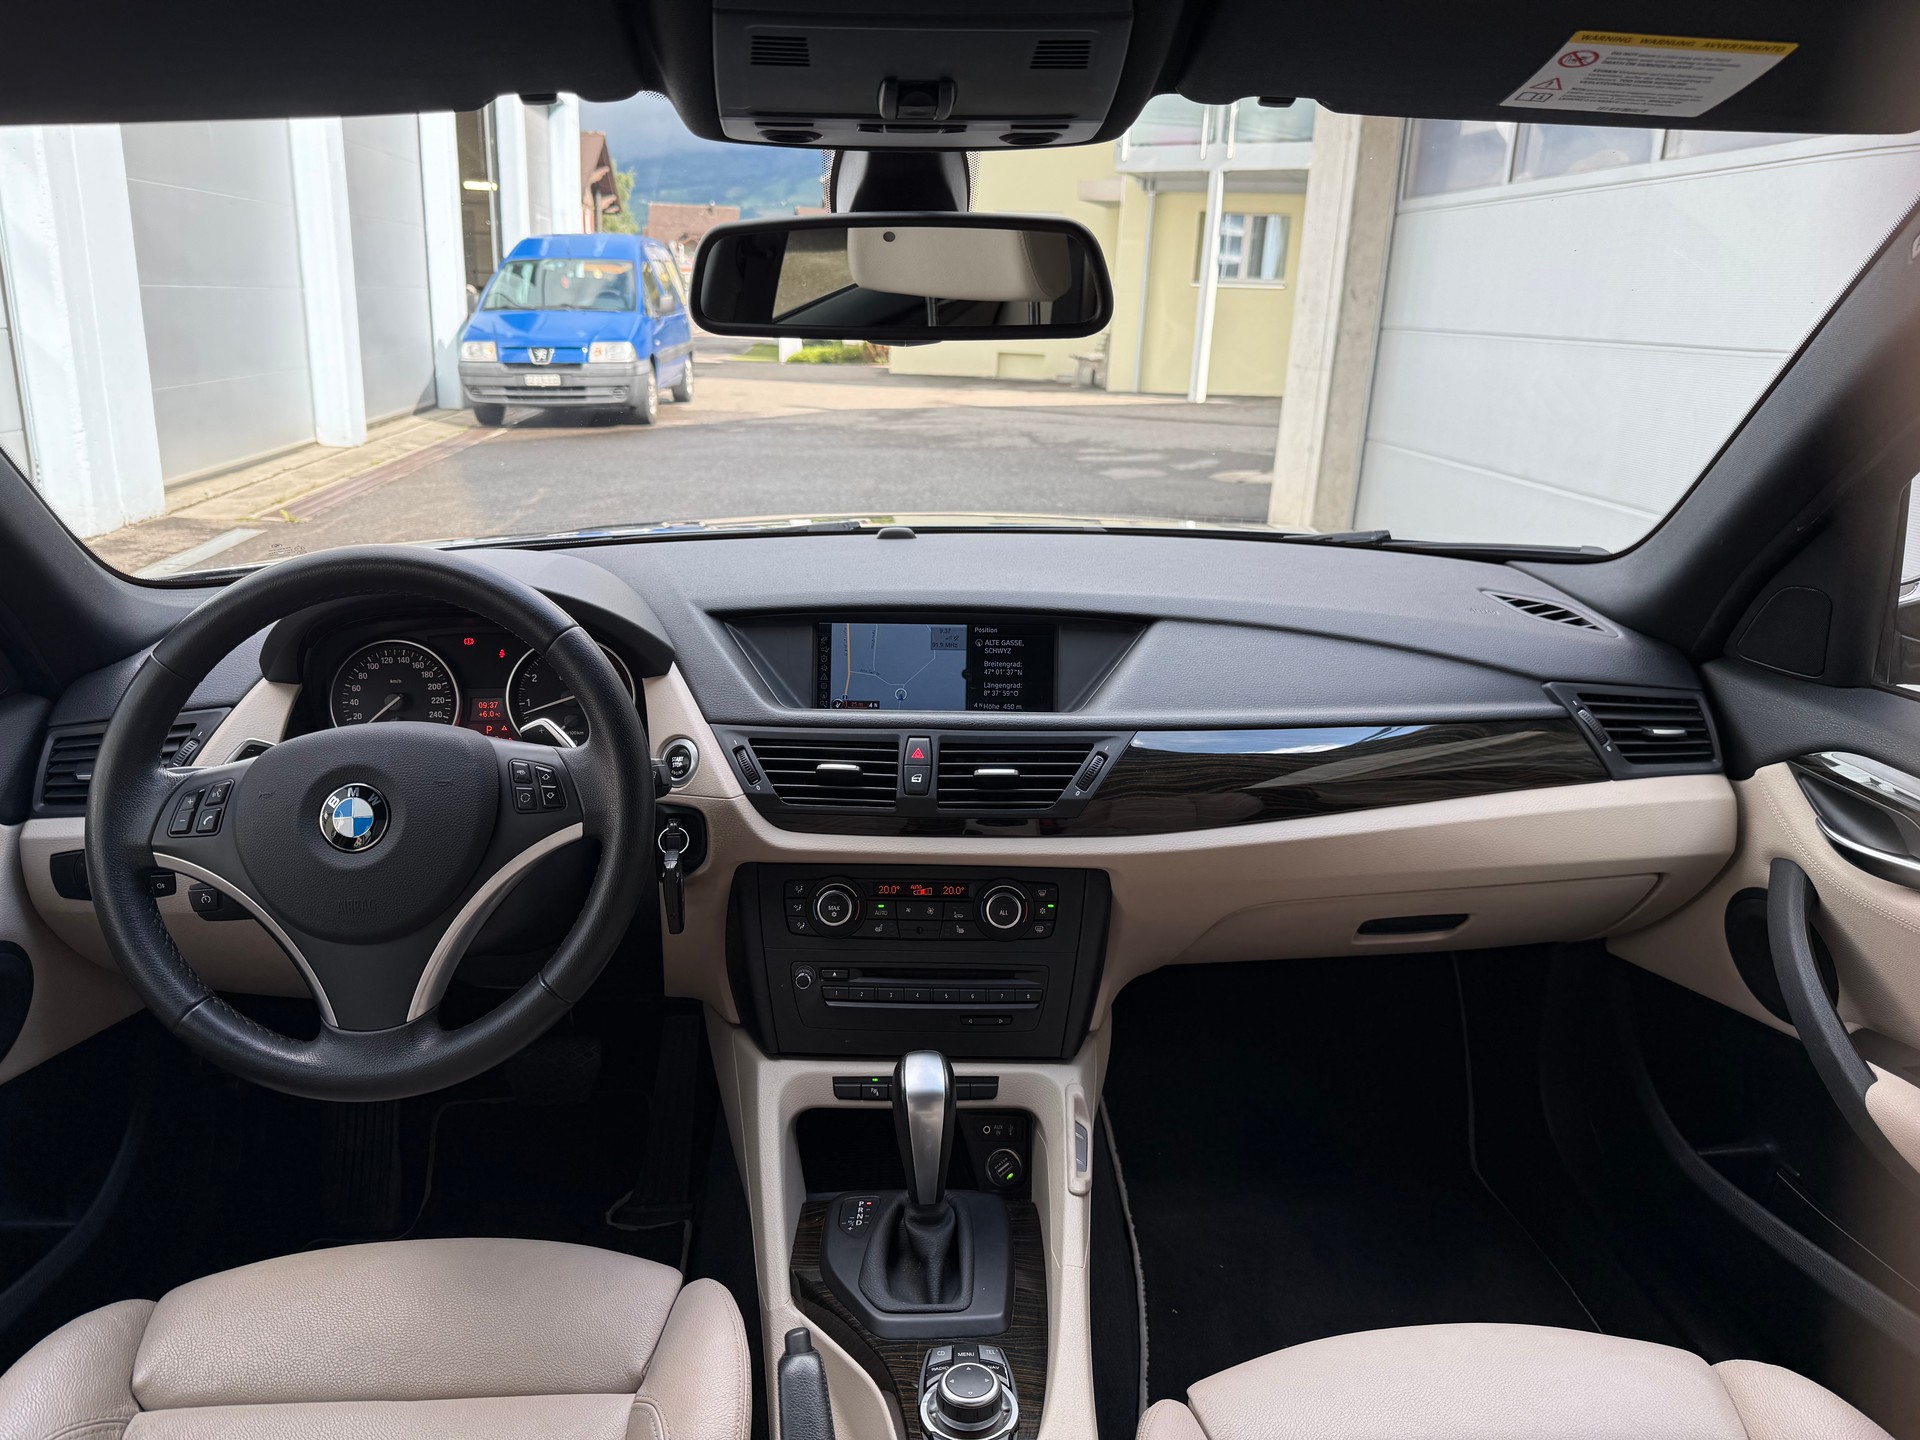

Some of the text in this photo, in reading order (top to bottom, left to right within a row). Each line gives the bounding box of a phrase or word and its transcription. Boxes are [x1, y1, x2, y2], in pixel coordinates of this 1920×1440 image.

[1581, 34, 1786, 52] WARNING WARNUNG AVVERTIMENTO
[1001, 639, 1025, 647] GASSE,
[367, 662, 379, 670] 100
[983, 660, 1023, 668] Breitengrad:
[531, 673, 538, 682] 2
[486, 725, 493, 734] P
[327, 787, 381, 809] BMW

What you should do – For this exercise, give the listing again exactly as written, with the pictures omitted.

The answer –
Some of the text in this photo, in reading order (top to bottom, left to right within a row). Each line gives the bounding box of a phrase or word and its transcription. Boxes are [x1, y1, x2, y2], in pixel coordinates of this 1920×1440 image.

[1581, 34, 1786, 52] WARNING WARNUNG AVVERTIMENTO
[1001, 639, 1025, 647] GASSE,
[367, 662, 379, 670] 100
[983, 660, 1023, 668] Breitengrad:
[531, 673, 538, 682] 2
[486, 725, 493, 734] P
[327, 787, 381, 809] BMW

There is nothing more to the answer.